Parent company: Teva Neuroscience, Inc.

• Given through daily subcutaneous injections; dosage is 20 mg.
  
  
• Approved for RRMS and CIS.
  
  
• Copaxone has been shown to significantly reduce the annual relapse rate in RRMS and reduce the risk of people with CIS developing clinically definite MS (CDMS) at two years.
  
  
• Copaxone is a synthetic polypeptide that mimics myelin basic protein, a key component of the myelin sheath (the protective covering of the nerves) that is damaged in MS. This therapy appears to decrease immune-system T cells that damage myelin, and may decrease inflammation by favorably shifting the balance among T-cell subtypes as well as by affecting several interleukins. (Interleukins are a type of cytokine, which are small proteins that may stimulate or inhibit the function of other cells.) Copaxone may also induce lymphocytes (immune-system cells produced to fight infection and disease) to produce factors that enhance the survival of cells that produce myelin, and may have a neuroprotective action that prevents damage to axons (nerve fibers).
  
  
• An international European study was conducted to determine whether immediate treatment with Copaxone is better than delayed treatment in preventing conversion to clinically definite MS (CDMS). This study has shown that, over five years, early treatment with Copaxone reduced the risk of converting to CDMS by 41 percent. These results establish the importance of initiating treatment with Copaxone as early as possible to protect patients from the accumulation of disease activity.
  
  
• Primary-relapsing MS (PRMS) is the least common form of MS. This has a disease onset of gradual worsening with subsequent relapses. There has been some debate as to whether it is justified to categorize PRMS separately from primary-progressive MS (PPMS) in terms of clinical course and prognosis. A sub-analysis of the PROMISE study of 943 patients with PPMS (which failed to show that Copaxone was effective in this group), evaluated differences in baseline characteristics and disability progression between patients with PPMS and PRMS. It showed that some PPMS patients will ultimately convert to PRMS. Although the numbers of PRMS patients analyzed in this study were small, the results suggested that disease progression is more rapid in this clinical sub-group.

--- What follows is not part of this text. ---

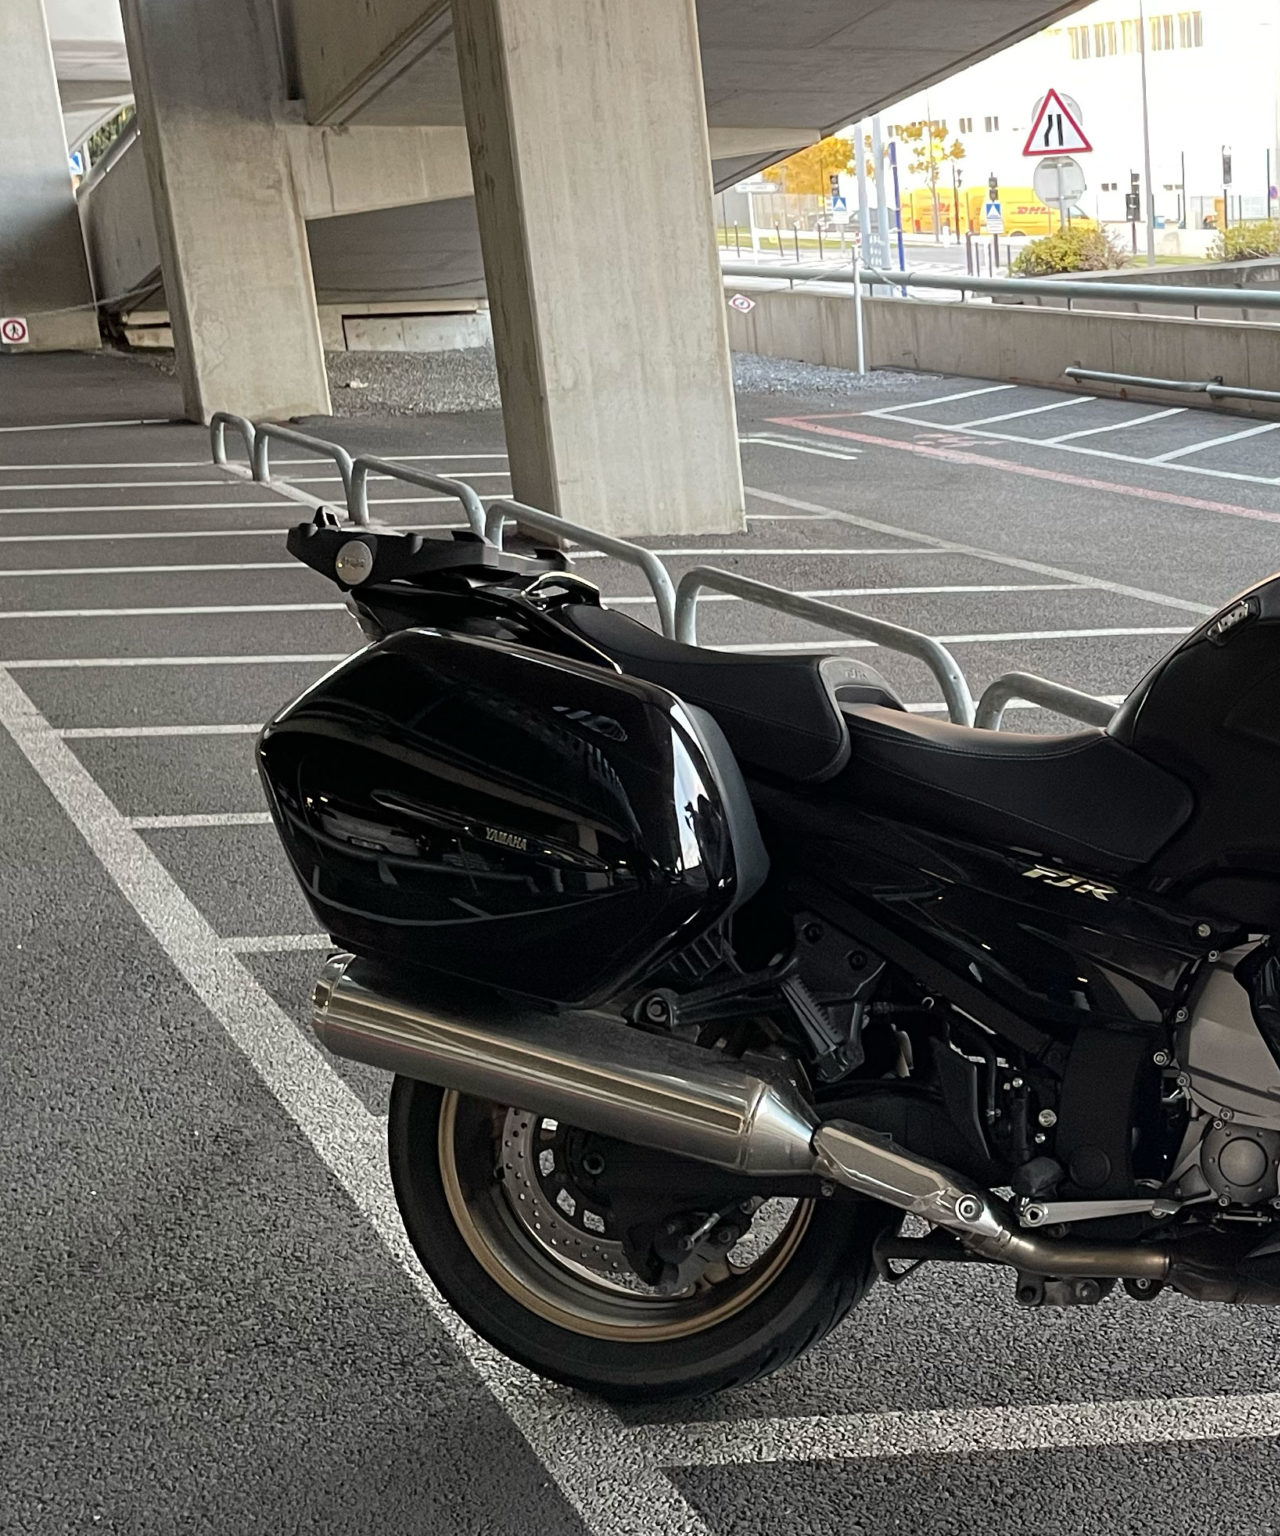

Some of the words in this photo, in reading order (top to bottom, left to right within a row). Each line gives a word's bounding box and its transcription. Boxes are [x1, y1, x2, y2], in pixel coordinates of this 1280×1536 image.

[1016, 206, 1050, 215] DHL
[486, 827, 527, 851] YAMAHA
[1021, 863, 1118, 901] FJR

Combination and Comparative Studies:

• The COMBI Rx trial is still ongoing. It is comparing the combination of Avonex plus Copaxone to Copaxone alone and Avonex alone. No data have as yet been reported.
  
  
• A Phase II trial to study the effect of combining Copaxone and estriol (a naturally-occurring estrogen hormone) in RRMS on relapse rate is continuing. The study will evaluate relapse rate, severity of relapses, and changes in the EDSS. If successful, this clinical trial could lay the groundwork for a larger, more definitive trial that might lead to a new oral treatment option for women with MS. A pilot trial was encouraging.